Deutsche und europäische Behörden gehen dem Verdacht nach, dass Kriminelle den Strom- und Gasmarkt in großem Stil für Steuerbetrug genutzt haben. Die Fahnder seien Firmennetzen auf der Spur, die Staaten durch hinterzogene Umsatzsteuern um viele Milliarden Euro gebracht haben könnten, berichtet die Süddeutsche Zeitung . Die europäische Polizeibehörde Europol in Den Haag spreche von Fällen historischer Dimension, heißt es darin.

In Deutschland hätten sich Ermittler gleich in mehreren Bundesländern an verdächtige Strom- und Gashändler geheftet, etwa in Nordrhein-Westfalen , Sachsen und Baden-Württemberg . "Die Spuren führen ins Milieu der organisierten Kriminalität", verlautete es aus Kreisen des Bundeskriminalamtes (BKA).

Selbst ein großer deutscher Energiekonzern sei dabei offenbar ins Visier der Fahnder geraten.
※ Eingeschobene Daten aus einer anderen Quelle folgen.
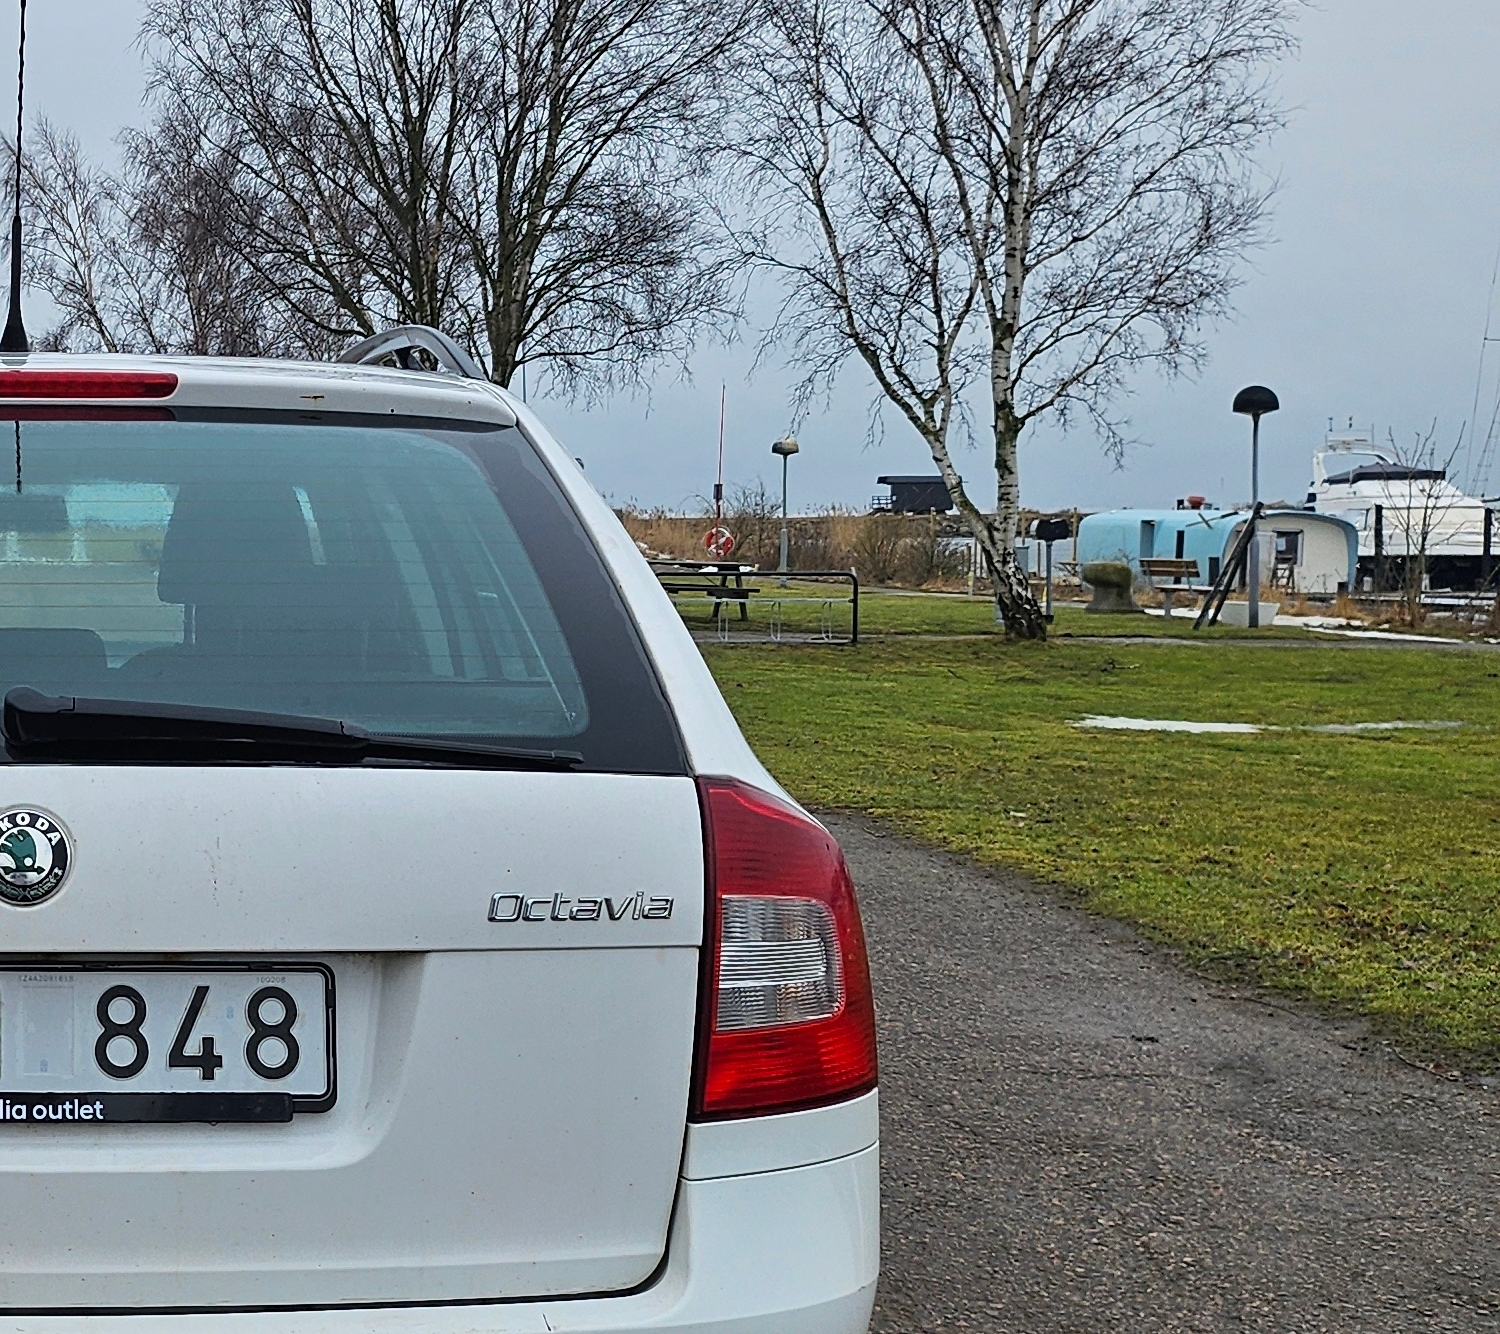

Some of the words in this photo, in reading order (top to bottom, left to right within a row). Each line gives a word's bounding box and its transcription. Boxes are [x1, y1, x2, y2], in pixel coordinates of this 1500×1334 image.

[487, 890, 675, 923] Octavia
[94, 984, 300, 1080] 848
[32, 1098, 104, 1120] outlet
Finanzbehörden in Baden-Württemberg hegten bereits seit 2010 den Verdacht, dass EnBW in illegale Karussellgeschäfte im Stromhandel verwickelt sein könnte, schreibt die Zeitung. Sie seien dort auf strafrechtlich relevante Sachverhalte gestoßen, teilten die Steuerprüfer dem Stuttgarter Konzernprüfungsamt mit, heißt es unter Berufung auf eine interne Aktennoziz weiter. Ein EnBW-Sprecher sagte, der Konzern wisse von den Aktivitäten der Behörden nichts.

Karussellgeschäfte aus dem Emissionshandel bekannt

Der Betrug funktioniert laut SZ fast immer nach dem gleichen Schema: Firmen handeln untereinander über Grenzen hinweg mit Strom. Ein Unternehmen verkauft ihn steuerfrei nach Deutschland. Beim Weiterverkauf würden eigentlich 19 Prozent Umsatzsteuer fällig. Die Betrüger zahlten nicht, reichten den Strom wie in einem Karussell unter gut verschleierten Firmen so lange weiter, bis sich die Spur verliert. Am Ende werde der Strom wieder ins Ausland exportiert. Der letzte Verkäufer lasse sich die nie gezahlte Steuer vom deutschen Fiskus zurückerstatten, weil der Handel innerhalb der EU nicht besteuert werden soll, schreibt die Zeitung.

Sogenannte Karussellgeschäfte sind bereits aus dem Emissionshandel bekannt. Zwischen 2008 und 2010 richteten sie schon Milliardenschäden an. Vor dem Frankfurter Landgericht wurden die Angeklagten in einem Betrugsprozess zu Haftstrafen verurteilt.